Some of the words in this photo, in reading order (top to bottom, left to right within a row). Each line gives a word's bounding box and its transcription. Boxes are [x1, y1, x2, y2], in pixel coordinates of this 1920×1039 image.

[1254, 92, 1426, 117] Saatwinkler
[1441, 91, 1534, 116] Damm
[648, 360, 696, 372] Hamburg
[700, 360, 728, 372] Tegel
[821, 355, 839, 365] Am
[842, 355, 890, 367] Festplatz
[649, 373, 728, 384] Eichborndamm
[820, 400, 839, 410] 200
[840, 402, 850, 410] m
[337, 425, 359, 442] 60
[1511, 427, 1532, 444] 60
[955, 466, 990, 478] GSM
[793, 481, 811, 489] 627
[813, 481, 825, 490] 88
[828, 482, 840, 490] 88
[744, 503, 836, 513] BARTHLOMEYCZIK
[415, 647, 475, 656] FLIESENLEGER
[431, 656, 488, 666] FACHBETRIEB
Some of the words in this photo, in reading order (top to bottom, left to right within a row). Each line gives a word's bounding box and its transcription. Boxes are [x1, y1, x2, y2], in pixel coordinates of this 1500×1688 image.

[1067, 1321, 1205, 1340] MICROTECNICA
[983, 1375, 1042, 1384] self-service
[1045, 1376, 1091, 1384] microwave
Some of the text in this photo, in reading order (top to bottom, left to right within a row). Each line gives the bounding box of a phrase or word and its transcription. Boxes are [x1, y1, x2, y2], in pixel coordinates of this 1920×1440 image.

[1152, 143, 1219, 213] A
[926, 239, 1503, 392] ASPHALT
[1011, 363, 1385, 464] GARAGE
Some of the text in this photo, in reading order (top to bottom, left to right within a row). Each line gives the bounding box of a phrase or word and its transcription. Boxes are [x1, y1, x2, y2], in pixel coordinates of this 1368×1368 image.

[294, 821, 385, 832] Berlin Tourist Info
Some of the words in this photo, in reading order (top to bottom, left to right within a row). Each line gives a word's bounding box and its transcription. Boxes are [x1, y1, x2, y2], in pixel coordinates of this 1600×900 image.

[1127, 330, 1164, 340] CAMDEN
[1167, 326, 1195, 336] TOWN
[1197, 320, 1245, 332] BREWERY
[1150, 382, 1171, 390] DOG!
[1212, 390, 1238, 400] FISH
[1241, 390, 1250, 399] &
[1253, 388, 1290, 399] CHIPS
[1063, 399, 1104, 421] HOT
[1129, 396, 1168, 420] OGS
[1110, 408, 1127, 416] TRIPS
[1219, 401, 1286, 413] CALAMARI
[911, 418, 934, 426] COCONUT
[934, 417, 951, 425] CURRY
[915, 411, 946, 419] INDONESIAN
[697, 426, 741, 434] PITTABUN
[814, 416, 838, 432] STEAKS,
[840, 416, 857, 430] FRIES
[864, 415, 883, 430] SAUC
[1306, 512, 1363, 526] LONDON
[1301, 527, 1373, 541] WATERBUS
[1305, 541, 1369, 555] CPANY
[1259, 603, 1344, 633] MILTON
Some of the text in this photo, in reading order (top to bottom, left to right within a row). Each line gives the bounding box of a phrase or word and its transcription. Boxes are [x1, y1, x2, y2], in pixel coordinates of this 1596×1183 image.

........

→ WORK ITEM
Take each record above and return it verbatim.

→ RESPONSE AREA
Some of the words in this photo, in reading order (top to bottom, left to right within a row). Each line gives a word's bounding box and its transcription. Boxes are [x1, y1, x2, y2], in pixel coordinates of this 1920×1039 image.

[1254, 92, 1426, 117] Saatwinkler
[1441, 91, 1534, 116] Damm
[648, 360, 696, 372] Hamburg
[700, 360, 728, 372] Tegel
[821, 355, 839, 365] Am
[842, 355, 890, 367] Festplatz
[649, 373, 728, 384] Eichborndamm
[820, 400, 839, 410] 200
[840, 402, 850, 410] m
[337, 425, 359, 442] 60
[1511, 427, 1532, 444] 60
[955, 466, 990, 478] GSM
[793, 481, 811, 489] 627
[813, 481, 825, 490] 88
[828, 482, 840, 490] 88
[744, 503, 836, 513] BARTHLOMEYCZIK
[415, 647, 475, 656] FLIESENLEGER
[431, 656, 488, 666] FACHBETRIEB
Some of the words in this photo, in reading order (top to bottom, left to right within a row). Each line gives a word's bounding box and its transcription. Boxes are [x1, y1, x2, y2], in pixel coordinates of this 1500×1688 image.

[1067, 1321, 1205, 1340] MICROTECNICA
[983, 1375, 1042, 1384] self-service
[1045, 1376, 1091, 1384] microwave
Some of the text in this photo, in reading order (top to bottom, left to right within a row). Each line gives the bounding box of a phrase or word and its transcription. Boxes are [x1, y1, x2, y2], in pixel coordinates of this 1920×1440 image.

[1152, 143, 1219, 213] A
[926, 239, 1503, 392] ASPHALT
[1011, 363, 1385, 464] GARAGE
Some of the text in this photo, in reading order (top to bottom, left to right within a row). Each line gives the bounding box of a phrase or word and its transcription. Boxes are [x1, y1, x2, y2], in pixel coordinates of this 1368×1368 image.

[294, 821, 385, 832] Berlin Tourist Info
Some of the words in this photo, in reading order (top to bottom, left to right within a row). Each line gives a word's bounding box and its transcription. Boxes are [x1, y1, x2, y2], in pixel coordinates of this 1600×900 image.

[1127, 330, 1164, 340] CAMDEN
[1167, 326, 1195, 336] TOWN
[1197, 320, 1245, 332] BREWERY
[1150, 382, 1171, 390] DOG!
[1212, 390, 1238, 400] FISH
[1241, 390, 1250, 399] &
[1253, 388, 1290, 399] CHIPS
[1063, 399, 1104, 421] HOT
[1129, 396, 1168, 420] OGS
[1110, 408, 1127, 416] TRIPS
[1219, 401, 1286, 413] CALAMARI
[911, 418, 934, 426] COCONUT
[934, 417, 951, 425] CURRY
[915, 411, 946, 419] INDONESIAN
[697, 426, 741, 434] PITTABUN
[814, 416, 838, 432] STEAKS,
[840, 416, 857, 430] FRIES
[864, 415, 883, 430] SAUC
[1306, 512, 1363, 526] LONDON
[1301, 527, 1373, 541] WATERBUS
[1305, 541, 1369, 555] CPANY
[1259, 603, 1344, 633] MILTON
Some of the text in this photo, in reading order (top to bottom, left to right within a row). Each line gives the bounding box of a phrase or word and its transcription. Boxes are [x1, y1, x2, y2], in pixel coordinates of this 1596×1183 image.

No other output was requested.